390487 01: (FILE PHOTO) Detail of breast cancer cells. Breast cancer is a malignant growth that begins in the tissues of the breast. Over a lifetime, one in eight women is diagnosed with breast cancer. (Photo by American Cancer Society/Getty Images) (Getty Images/Getty Images)

(Bloomberg) -- AstraZeneca Plc said an experimental cancer drug it’s developing with Daiichi Sankyo Co. did not help breast cancer patients live longer than chemotherapy. 

The UK drugmaker said the results for datopotamab deruxtecan, known as Dato-DXd, were probably muddied because patients went on to try other effective therapies after their cancer got worse in the trial. The study looked at people with inoperable or metastatic hormone receptor-positive, HER2-low or negative breast cancer.

Without proof the drug can extend the lives of this group of breast cancer patients, “we believe that approval now looks less likely,” Sean Conroy, an analyst at Shore Capital, wrote in a note. Rival Gilead Sciences Inc.’s drug Trodelvy is already approved for the same patient group and showed it was able to extend lives, Conroy said.
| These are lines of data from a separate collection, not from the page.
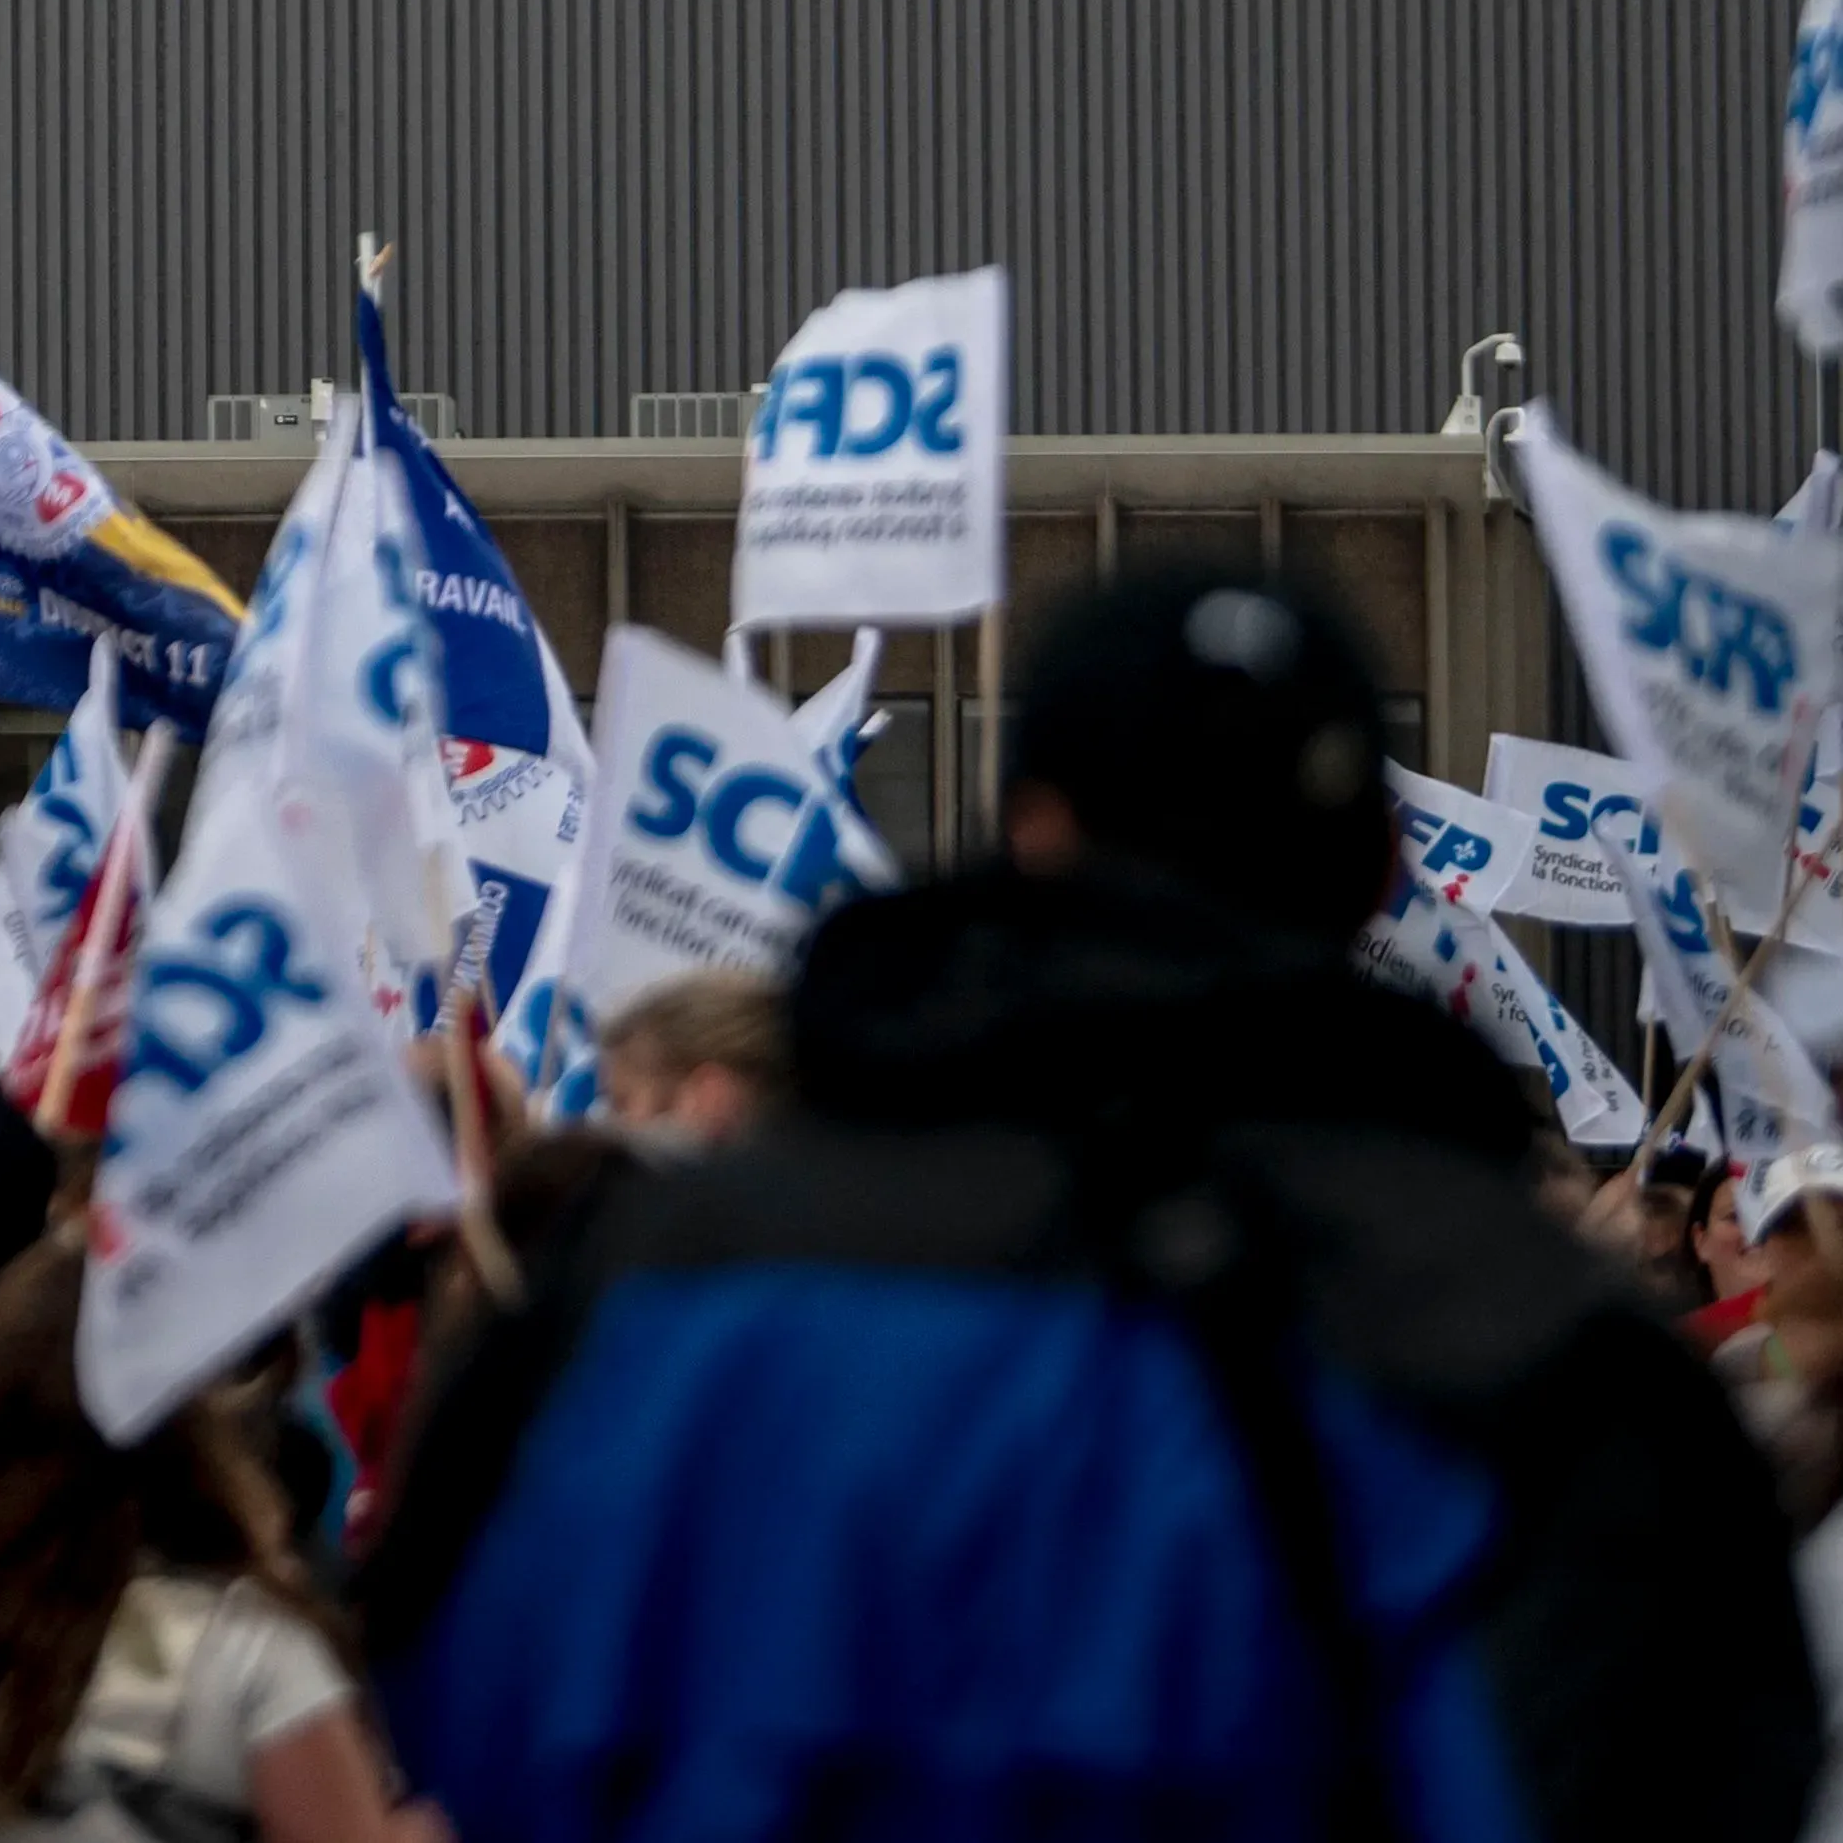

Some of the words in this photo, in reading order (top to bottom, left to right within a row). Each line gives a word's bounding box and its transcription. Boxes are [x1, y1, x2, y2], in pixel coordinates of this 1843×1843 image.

[415, 568, 528, 634] RAVAIL
[164, 638, 211, 689] 11
[1397, 798, 1493, 875] FP
[1533, 843, 1603, 877] Syndicat
[1531, 862, 1548, 880] la
[1550, 867, 1623, 896] fonction
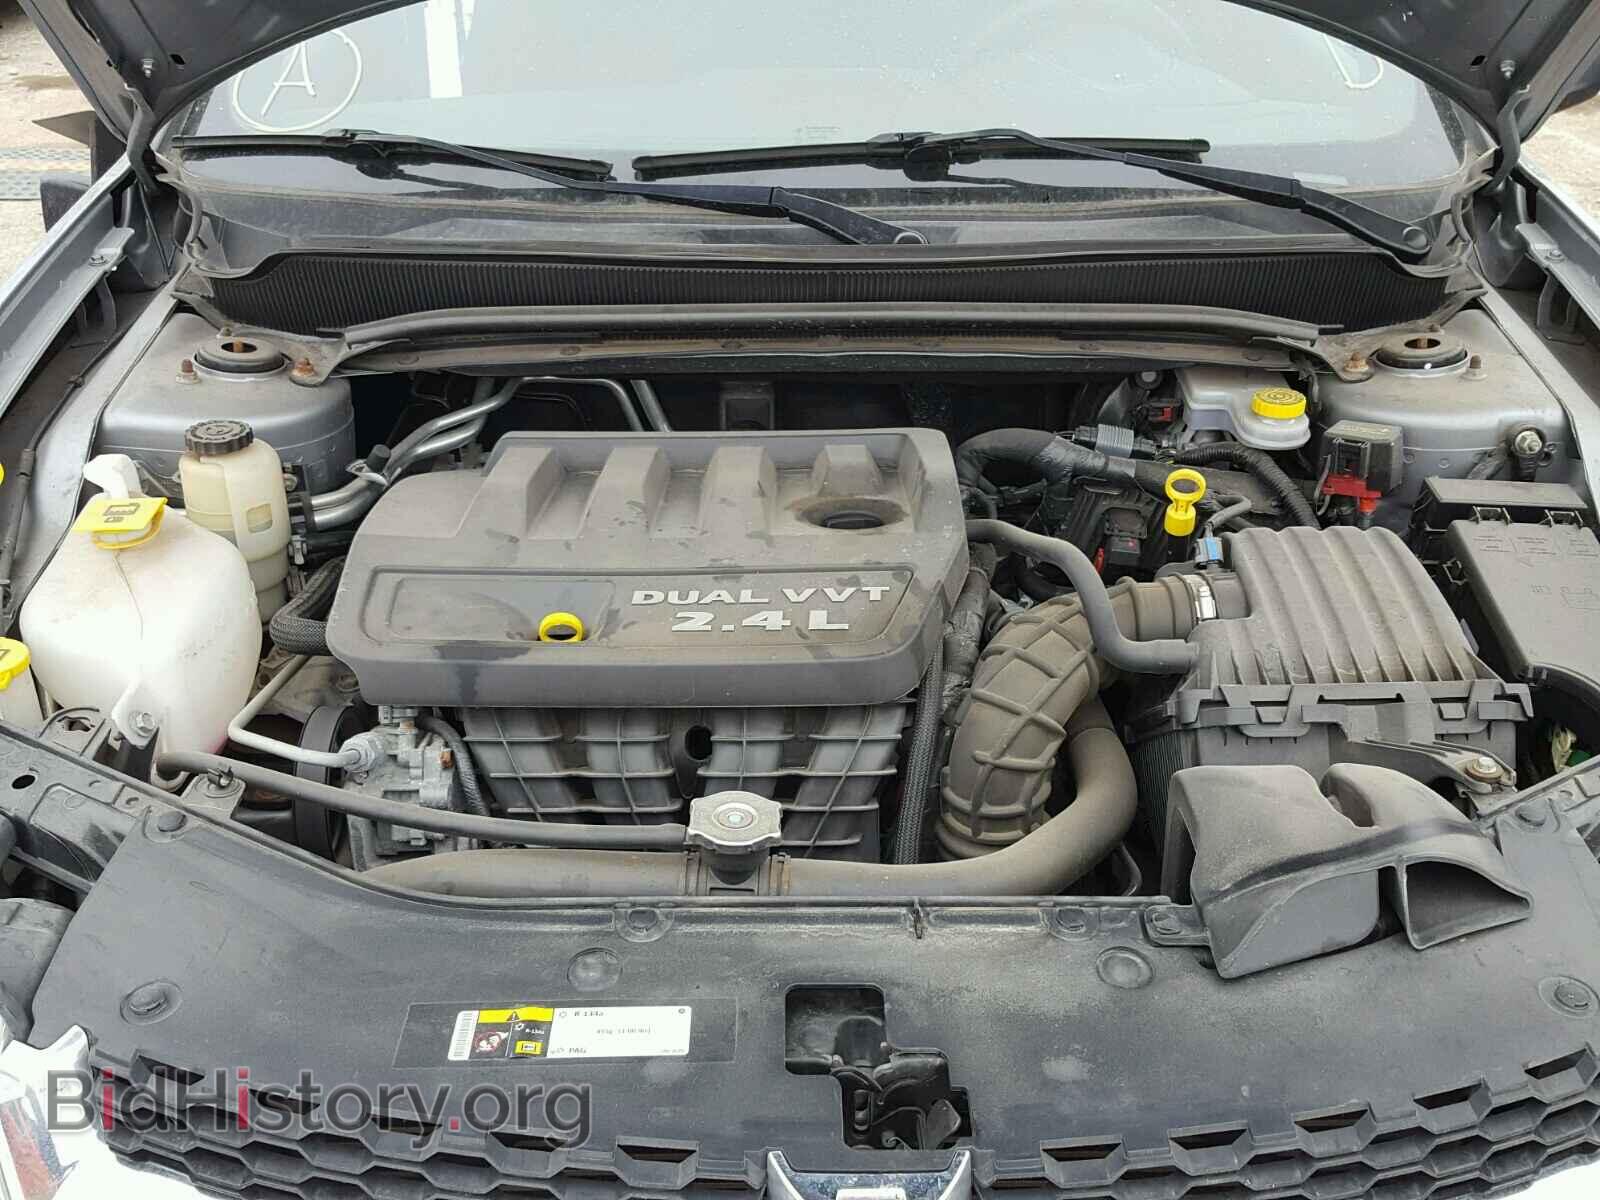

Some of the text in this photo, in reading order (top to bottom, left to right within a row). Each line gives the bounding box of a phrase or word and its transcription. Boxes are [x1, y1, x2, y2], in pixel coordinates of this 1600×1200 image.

[631, 586, 891, 605] DUAL VVT
[671, 609, 850, 632] 2.4 L
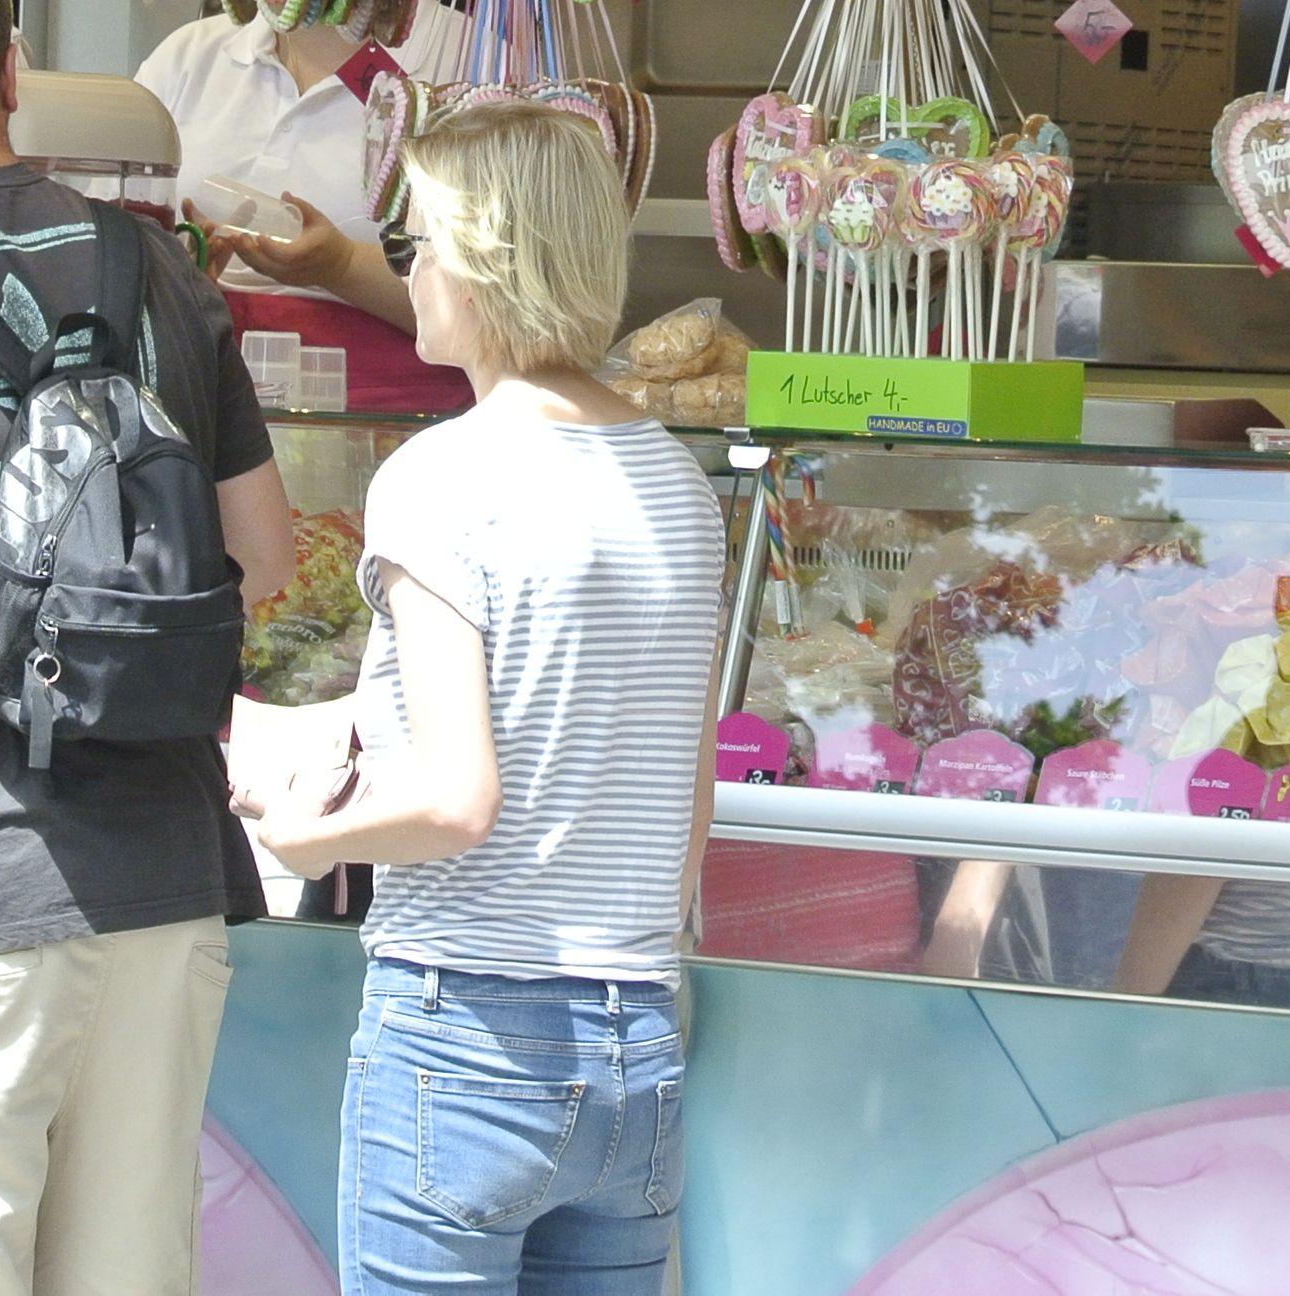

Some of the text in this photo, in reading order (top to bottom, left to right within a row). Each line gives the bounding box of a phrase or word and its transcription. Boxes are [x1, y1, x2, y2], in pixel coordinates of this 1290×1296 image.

[801, 374, 908, 412] Lutscher 4,-
[868, 419, 950, 434] HANDMADE in EU
The results were the latest in a series of disappointments for the Astra compound, which earlier this month also reported mixed data in a lung cancer trial. In that study, while the drug helped some sick people live longer, the results didn’t hold true for all patients. Still, more trial results are still to come and may be able to improve the outlook for the drug, Shore’s Conroy said.

Astra shares fell as much as 1.34% in early trading in London. The stock has climbed about 11% this year.

In earlier stages of the breast cancer trial the drug — which was treating patients who had previously been treated with endocrine-based therapy and at least one systemic therapy — had met intermediate targets, such as increasing the length of time patients lived before their cancer got worse.

The drug is an antibody drug conjugate (ADC) which works by ferrying powerful chemotherapy directly to the tainted cells to kill the cancer without damaging the healthy cells. 

Astra said it’s still committed to making Dato-DXd an option for breast cancer patients. It said it would share the trial results with drug regulators who are reviewing whether it should be approved.